**Required work:**
Your job is to return the whole listing unchanged while skipping its images.

**Extracted entries:**

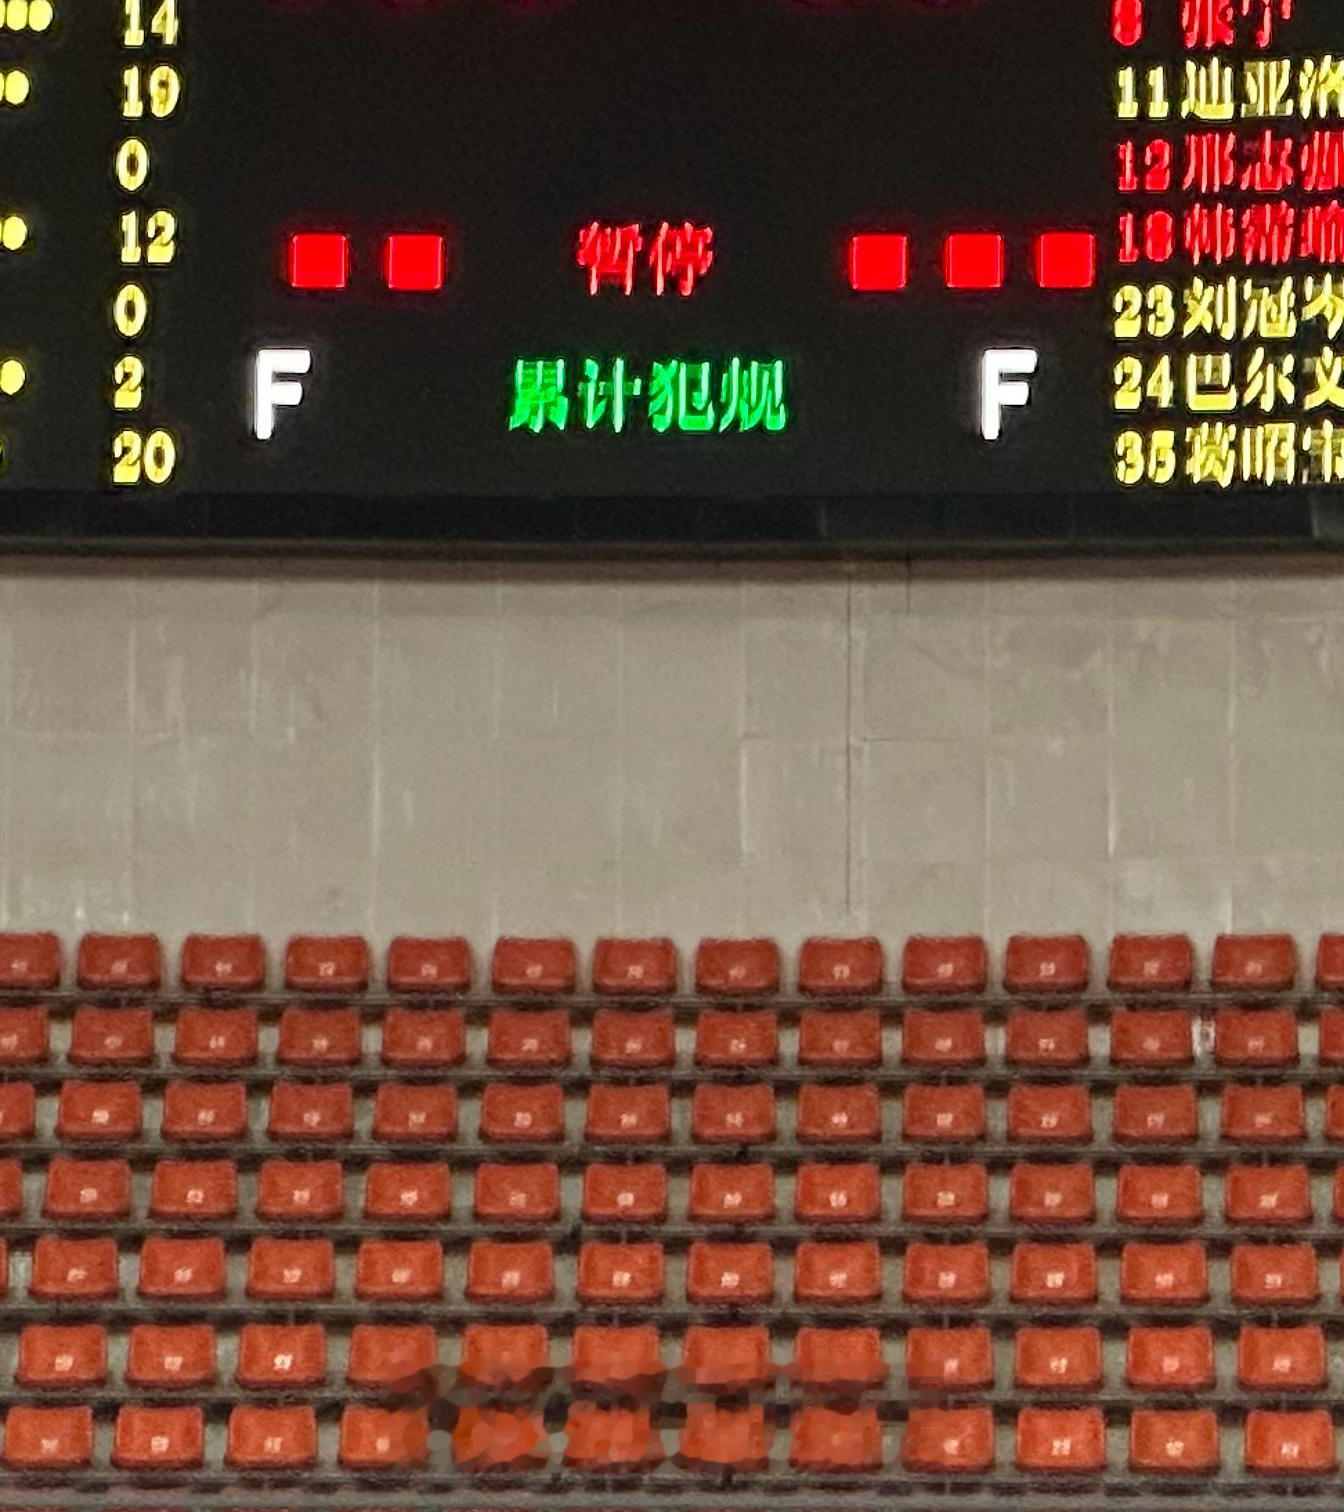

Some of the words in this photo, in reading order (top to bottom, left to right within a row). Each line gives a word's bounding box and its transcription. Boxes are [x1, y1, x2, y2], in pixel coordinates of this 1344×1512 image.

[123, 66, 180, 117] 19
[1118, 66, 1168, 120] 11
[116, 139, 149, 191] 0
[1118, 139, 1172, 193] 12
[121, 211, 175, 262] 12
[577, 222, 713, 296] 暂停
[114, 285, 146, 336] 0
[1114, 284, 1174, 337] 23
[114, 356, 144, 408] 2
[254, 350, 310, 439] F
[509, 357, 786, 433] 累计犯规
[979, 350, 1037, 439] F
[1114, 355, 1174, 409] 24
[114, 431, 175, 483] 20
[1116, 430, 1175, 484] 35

**Exercise answer:**
Some of the words in this photo, in reading order (top to bottom, left to right within a row). Each line gives a word's bounding box and its transcription. Boxes are [x1, y1, x2, y2], in pixel coordinates of this 1344×1512 image.

[123, 66, 180, 117] 19
[1118, 66, 1168, 120] 11
[116, 139, 149, 191] 0
[1118, 139, 1172, 193] 12
[121, 211, 175, 262] 12
[577, 222, 713, 296] 暂停
[114, 285, 146, 336] 0
[1114, 284, 1174, 337] 23
[114, 356, 144, 408] 2
[254, 350, 310, 439] F
[509, 357, 786, 433] 累计犯规
[979, 350, 1037, 439] F
[1114, 355, 1174, 409] 24
[114, 431, 175, 483] 20
[1116, 430, 1175, 484] 35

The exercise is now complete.